Preferred language from NSLocale is e.g. "fr" AND I can see that the device setting is getting through somehow, because the system toolbar buttons ("undo", etc) are translated.

But my strings are still in English. (Note that they are coming from the .strings file, as I've edited that to verify.)

So: strings files seem OK, and get built and deployed OK.

Is there something else I need to do to "tell" the project that other locales are supported?

Thanks!

A: 

For the particular problem of en_US always coming back, you need to be querying preferredLanguages for the array of preferred languages currently, not currentLocale.

Does NSLocalizedString does not return the keyed string from the correct file?

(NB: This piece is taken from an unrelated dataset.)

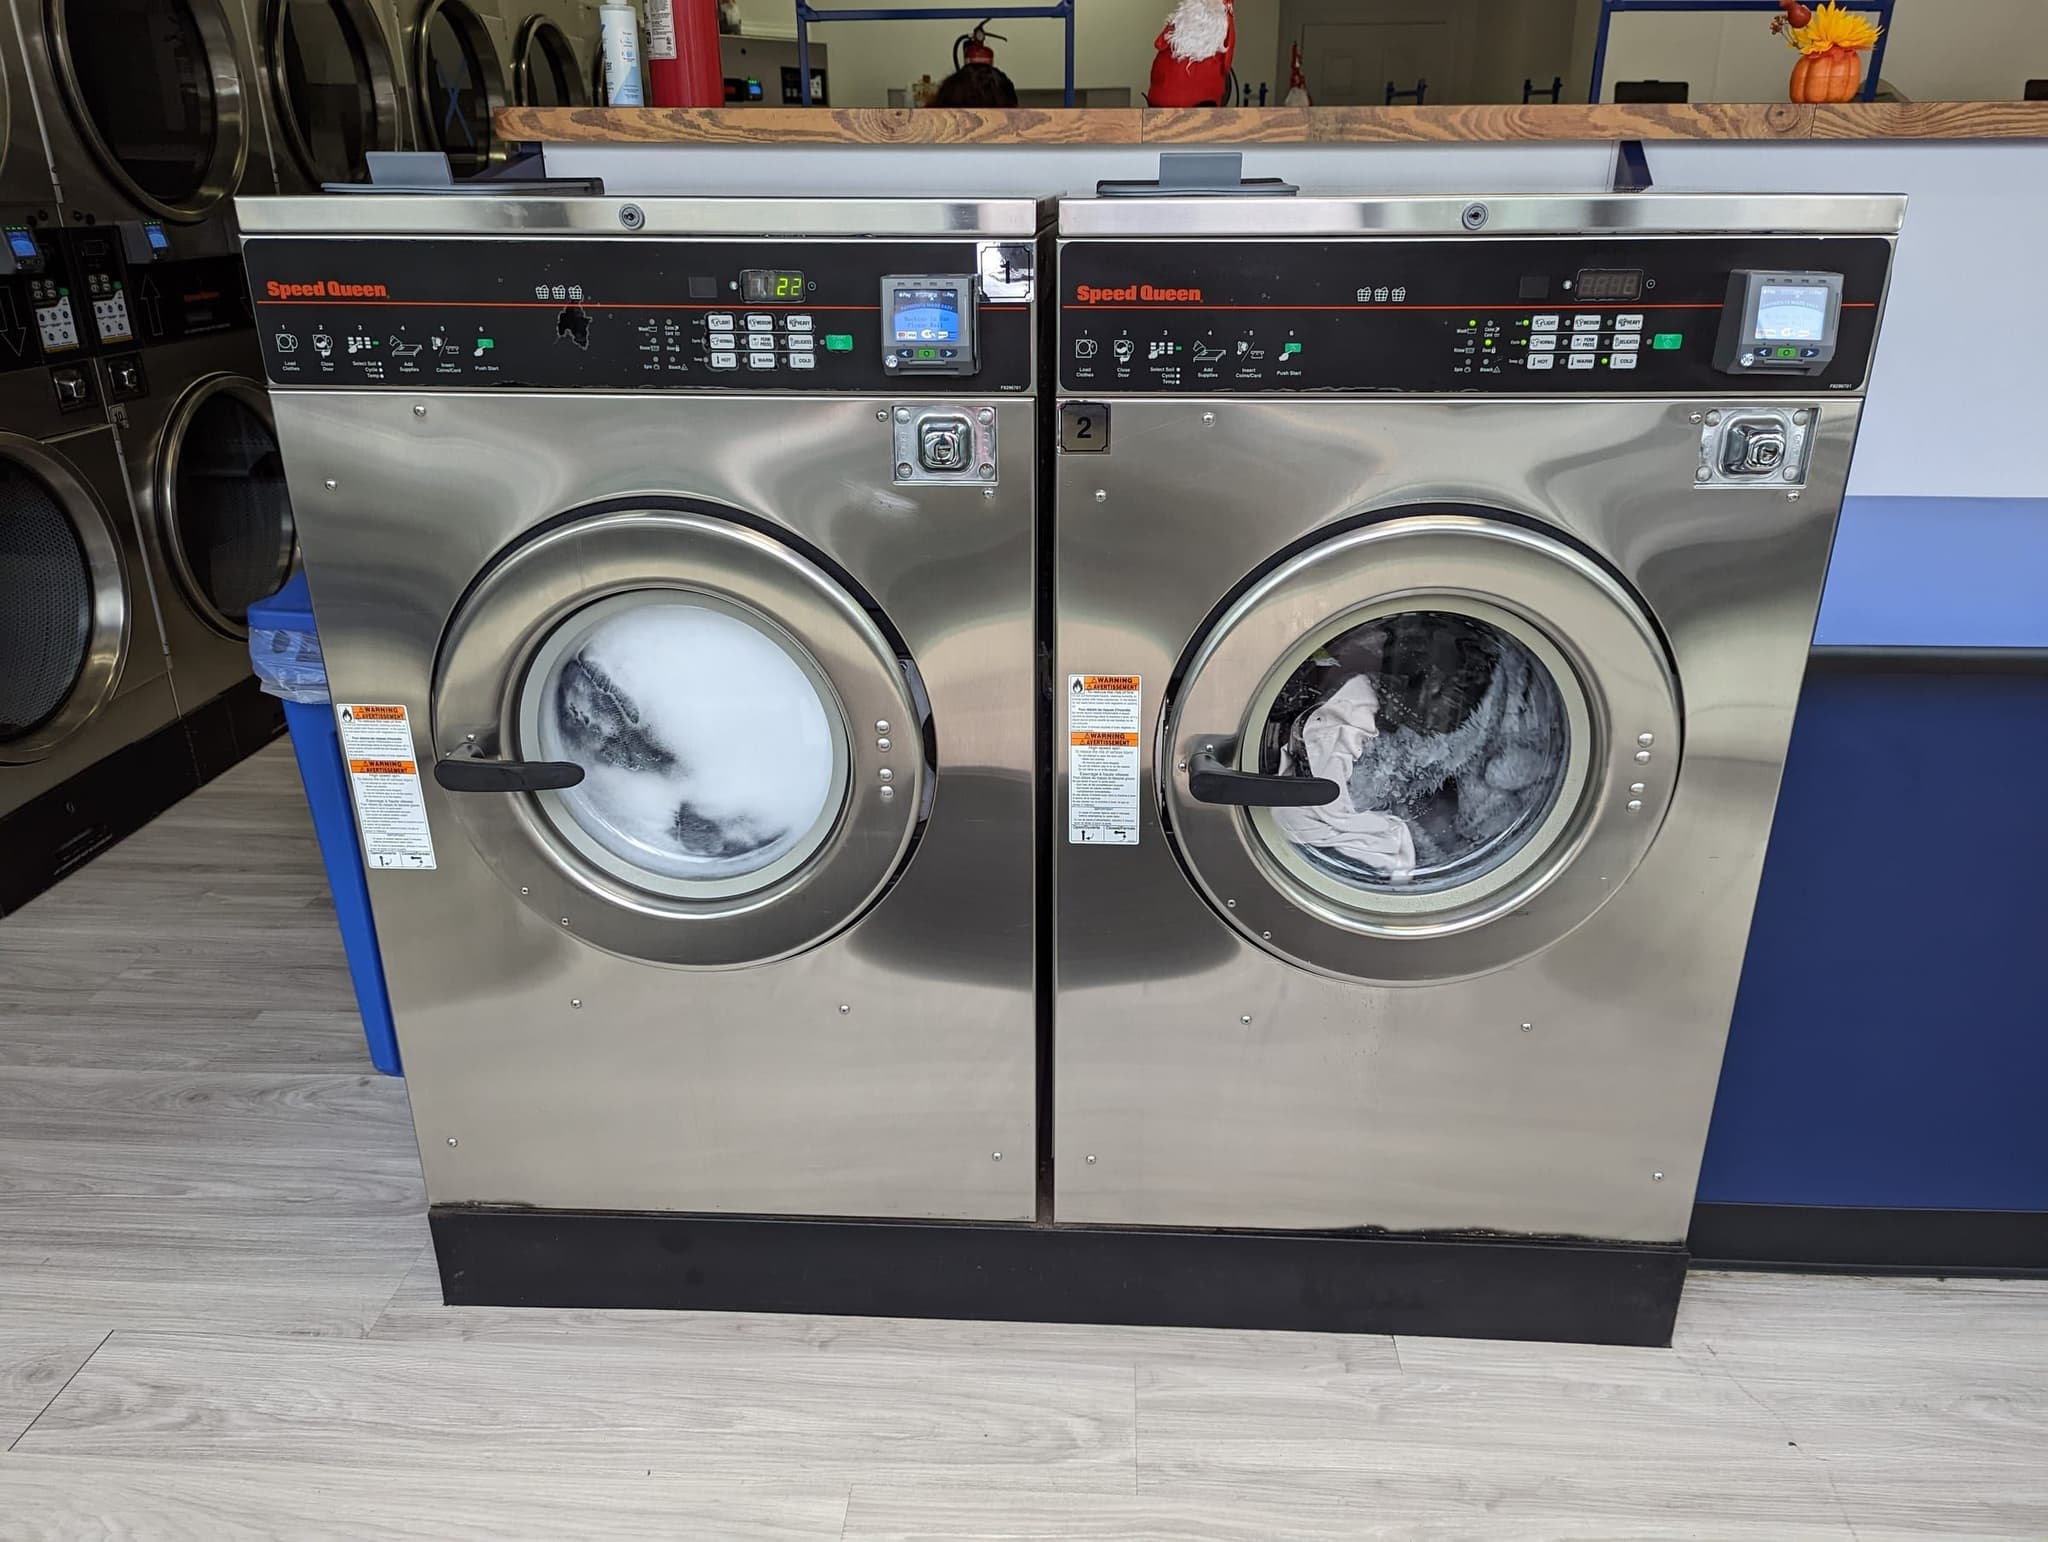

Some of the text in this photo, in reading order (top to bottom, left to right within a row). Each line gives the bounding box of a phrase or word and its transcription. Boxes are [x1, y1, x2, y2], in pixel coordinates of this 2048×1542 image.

IN localization you have to be sure you are changing what you think you are changing. If you change Language in preferences then it will affect the string that comes back from your localizable.strings file. If you change settings under Region Format that's only date, currency symbol etc. This is a good simple guide I have used with success.

Adam Eberbach
Adam, thanks for the answer. When I change Language in preferences to "French", my first preferred languages is "fr" (which is right). But then NSLocalizedString returns the strings from my English .strings file. Any ideas?
quixoto
Updated the question for clarity.
quixoto
You are setting Language under the International heading to French, so it should get text from your "fr" file under localizable.strings. I would guess that it is falling back to English for some reason - could there be any problem with your strings file or selected encoding? I am not completely sure of this but perhaps mismatched quotes or semicolons in the strings file might cause this. And your keyed resource must be present of course.
Adam Eberbach
Yep, I agree that this should be working, and that it seems to be falling back to English. But the plist .strings files (the ones that are generated by the build itself into the app package) open fine with Property List Editor, and look reasonable.
quixoto
A: 

This happens (apparently) when there is a Localizable.strings file in the root of the project in addition to in the individual .lproj directories. The app seems to always prefer that if it's present. The fact that it was there was likely an artifact of mucking around trying to get the localizations working in the project.

I'm leaving this question here in case others run into this issue.

quixoto
A: 

And if you run an application with the Localizable.strings file in the root of the project, cleaning is not enough, you also need to delete the application from the simulator.